Trade-offs between water-use related traits, yield components and mineral nutrition of wheat under Free-Air CO2 Enrichment (FACE)

Abstract

This study investigated trade-offs between parameters determining water use efficiency of wheat under elevated CO2 in contrasting growing seasons and a semi-arid environment. We also evaluated whether previously reported negative relationships between nutrient content and transpiration efficiency among wheat genotypes will be maintained under elevated CO2 conditions. Two cultivars of wheat (Triticum aestivum L.), Scout and Yitpi, purportedly differing in water use efficiency related traits (e.g. transpiration efficiency) but with common genetic backgrounds were studied in a high yielding, high rainfall (2013), and in a low yielding, very dry growing season (2014) under Free-Air CO2 Enrichment (FACE, CO2 concentration of approximately 550 μmol mol-1) and ambient (approximately 390 μmol mol-1) CO2. Gas exchange measurements were collected diurnally between stem elongation and anthesis. Aboveground biomass and nutrient content (sum of Ca, K, S, P, Cu, Fe, Zn, Mn and Mg) were determined at anthesis. Yield, yield components and harvest index were measured at physiological maturity. Cultivar Scout showed transiently greater transpiration efficiency (measured by gas exchange) over cultivar Yitpi under both ambient and elevated CO2 conditions, mainly expressed in the high yielding but not in the low yielding season. Nutrient content was on average 13% greater for the lower transpiration efficiency cultivar Yitpi than the cultivar with higher transpiration efficiency (Scout) in the high yielding season across both CO2 concentrations.

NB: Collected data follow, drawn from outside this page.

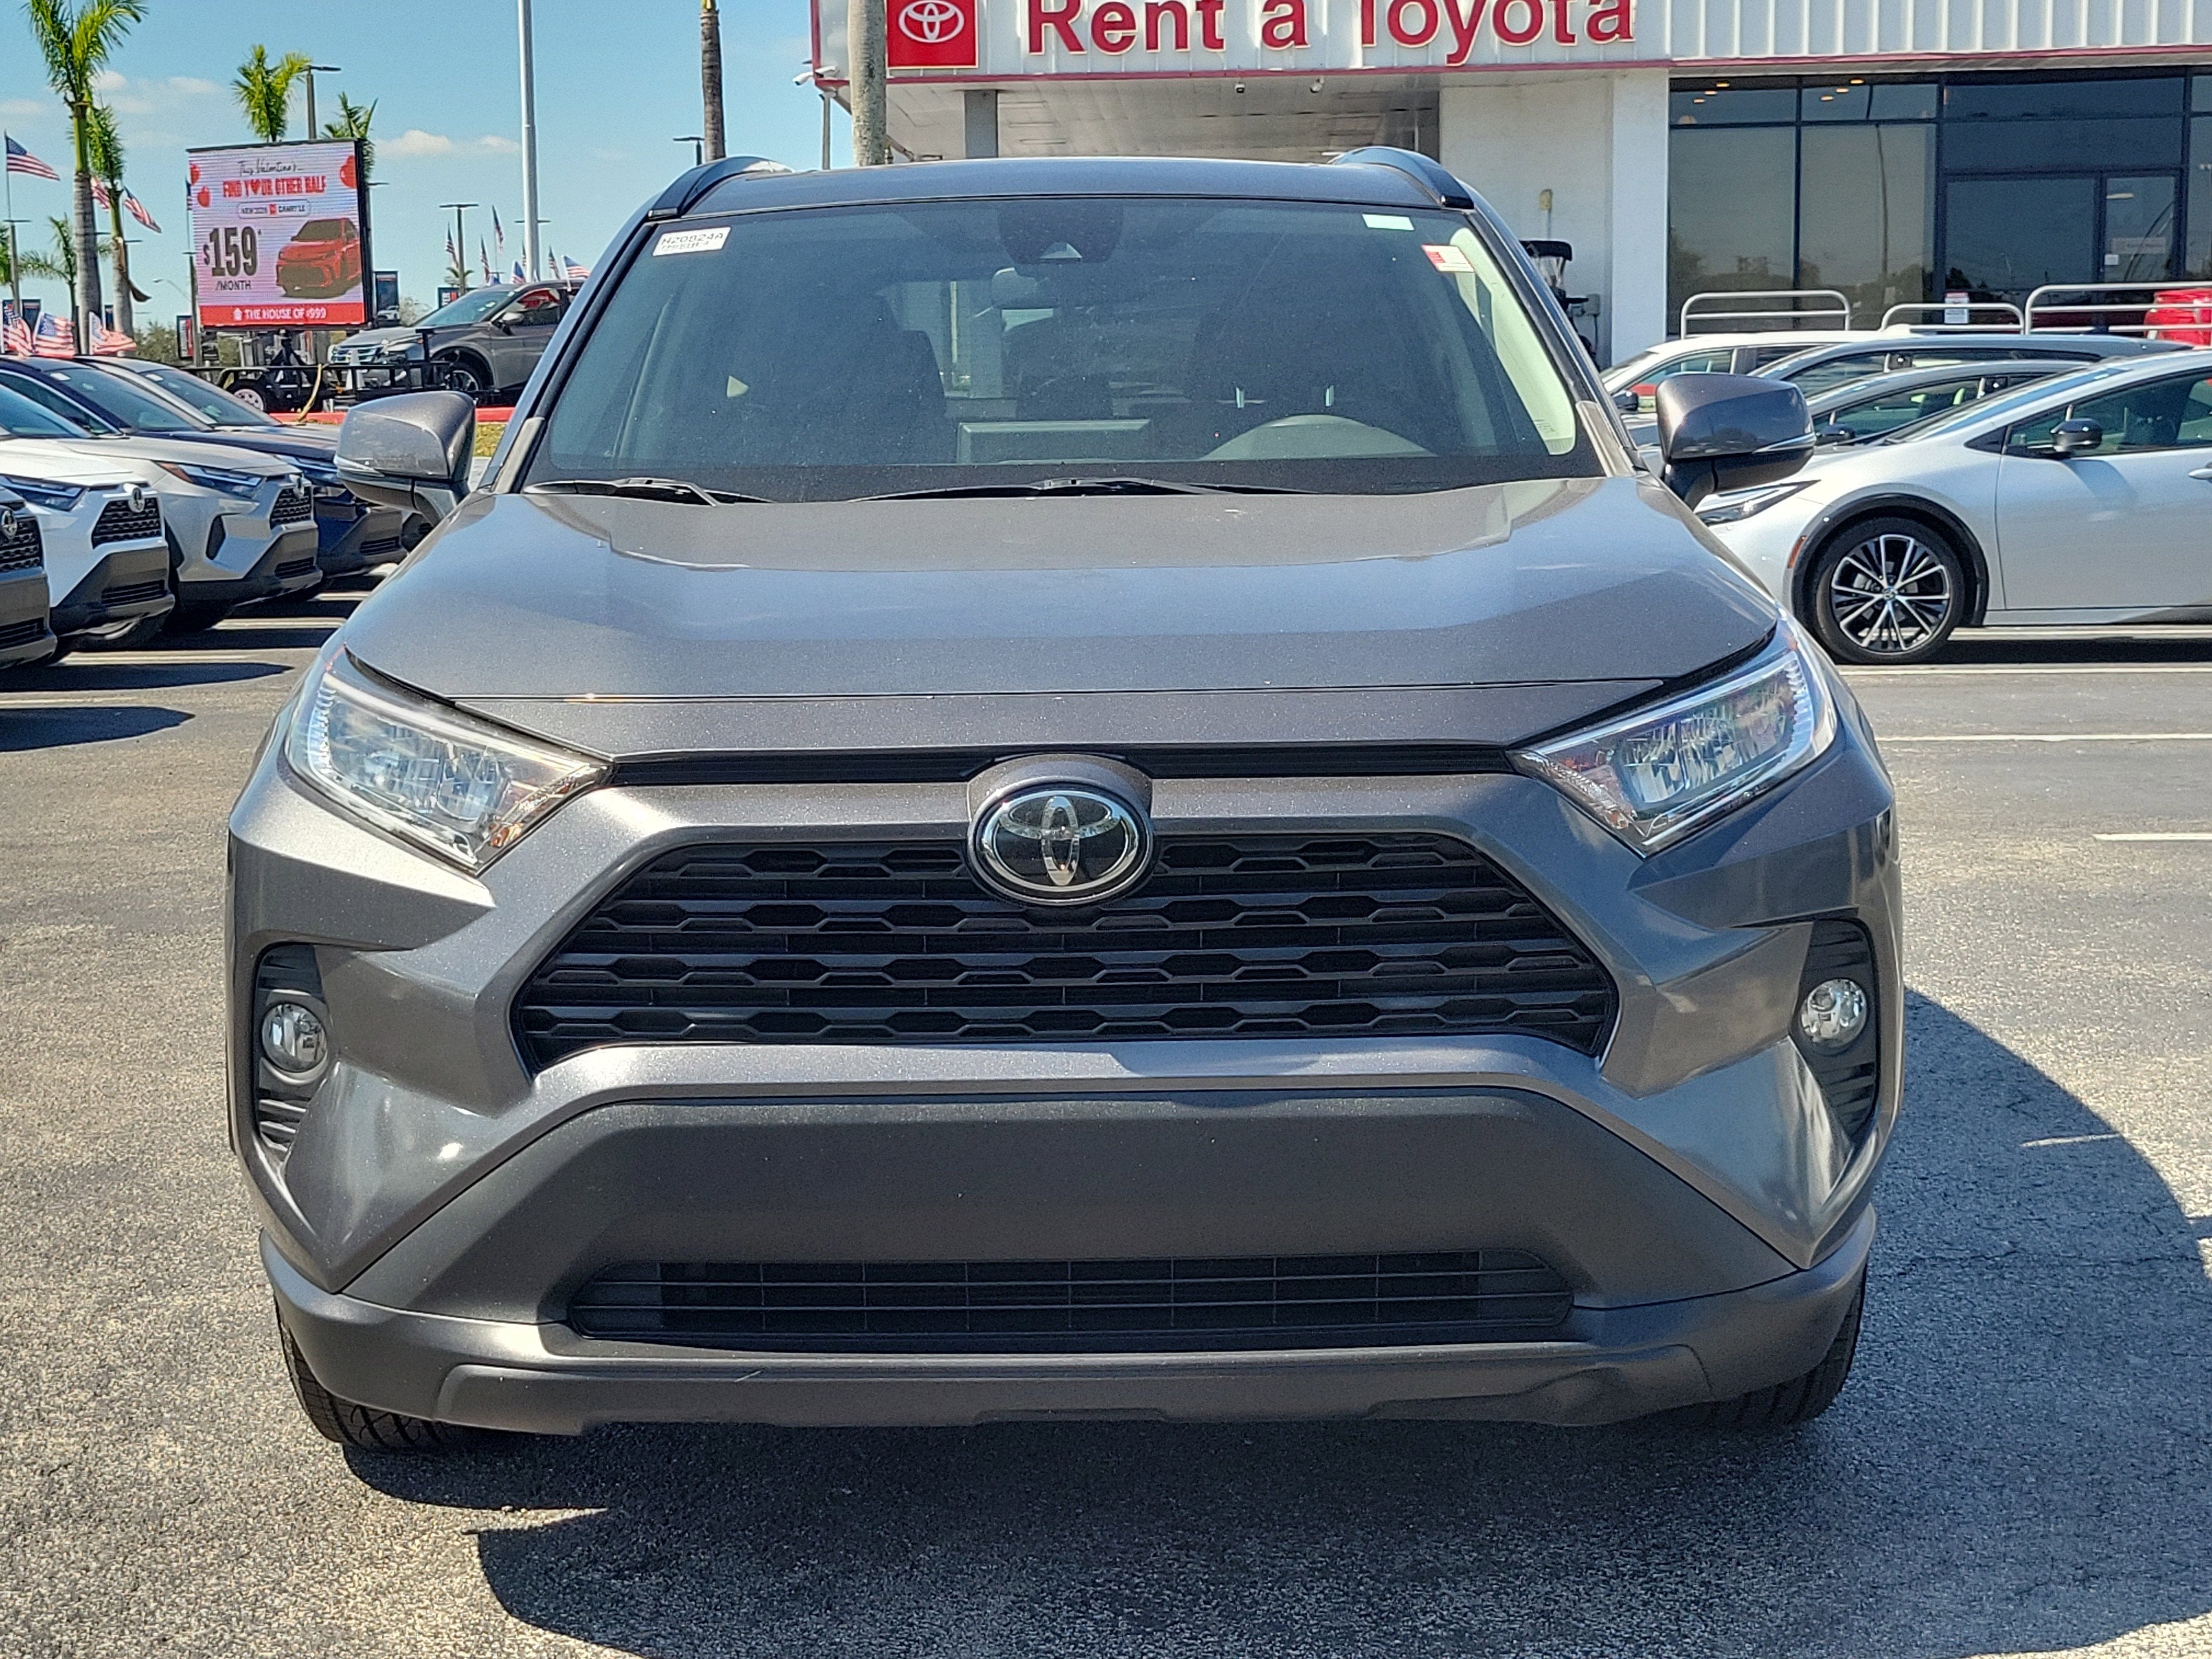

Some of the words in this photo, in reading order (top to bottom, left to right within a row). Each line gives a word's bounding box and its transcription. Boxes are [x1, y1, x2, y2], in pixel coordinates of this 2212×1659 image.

[1028, 0, 1226, 54] Rent
[1261, 0, 1311, 50] a
[244, 309, 261, 320] THE
[262, 309, 291, 319] HOUSE
[293, 308, 304, 319] OF
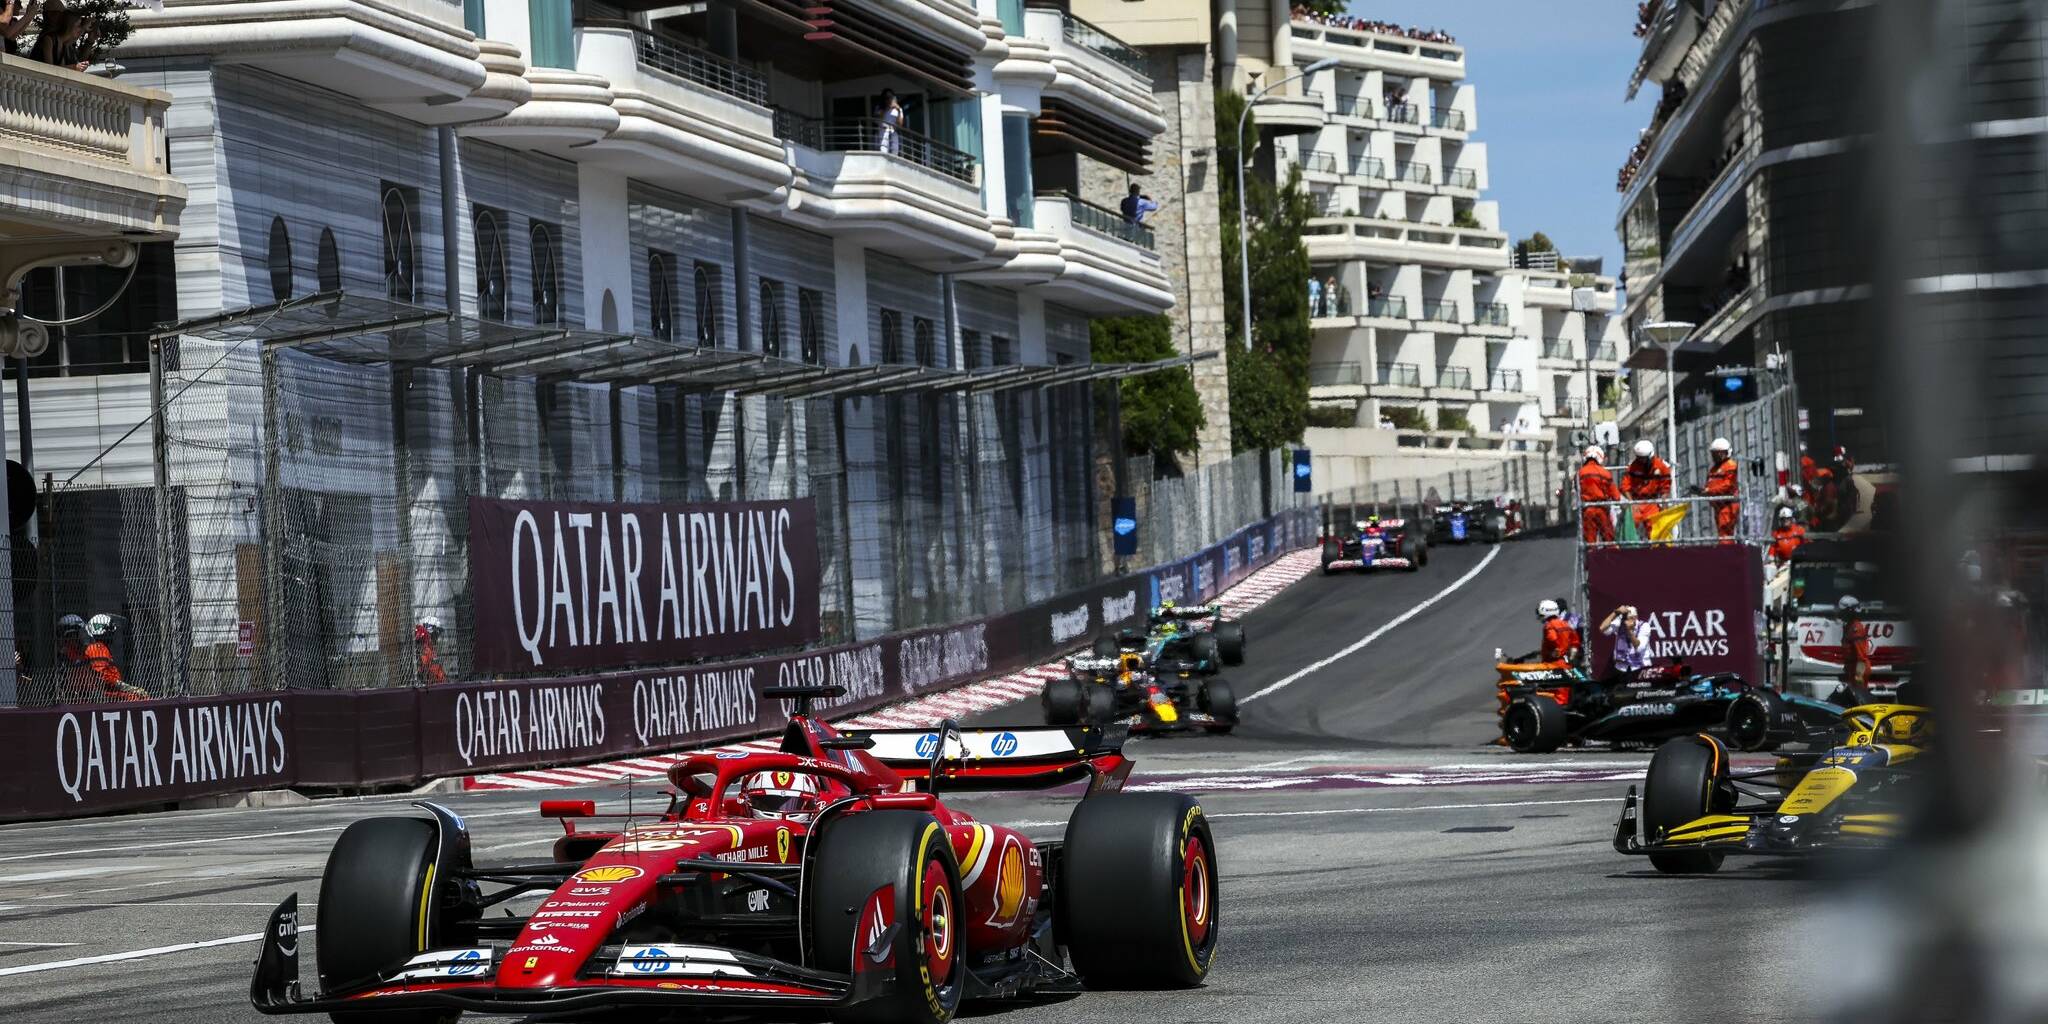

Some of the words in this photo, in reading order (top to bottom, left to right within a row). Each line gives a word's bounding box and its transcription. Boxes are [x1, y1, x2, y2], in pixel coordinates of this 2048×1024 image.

[512, 509, 648, 667] QATAR
[656, 507, 795, 642] AIRWAYS
[1649, 609, 1729, 639] ATAR
[456, 688, 524, 767] QATAR
[528, 682, 605, 752] AIRWAYS
[633, 675, 690, 746] QATAR
[692, 666, 756, 732] AIRWAYS
[56, 709, 163, 803] QATAR
[169, 700, 286, 785] AIRWAYS
[994, 732, 1016, 757] hp
[747, 845, 769, 860] MILLE
[570, 886, 613, 894] aws

Elevated CO2 stimulated grain yield to a greater extent in the high yielding season than in the low yielding season where increased aboveground biomass earlier in the season did not translate into fertile tillers in cultivar Yitpi. Yield increased 27 and 33% in the high yielding and 0 and 19% in the low yielding season for cultivars Yitpi and Scout, respectively. Intraspecific variation in CO2 responsiveness related mechanisms of grain yield were observed. These results suggest CO2-driven trade-offs between traits governing water use efficiency are related to both growing season and intraspecific variations, and under very dry finishes, the trade-offs may even reverse. The negative relationship between nutrient content and transpiration efficiency among wheat genotypes will be maintained under elevated CO2 conditions.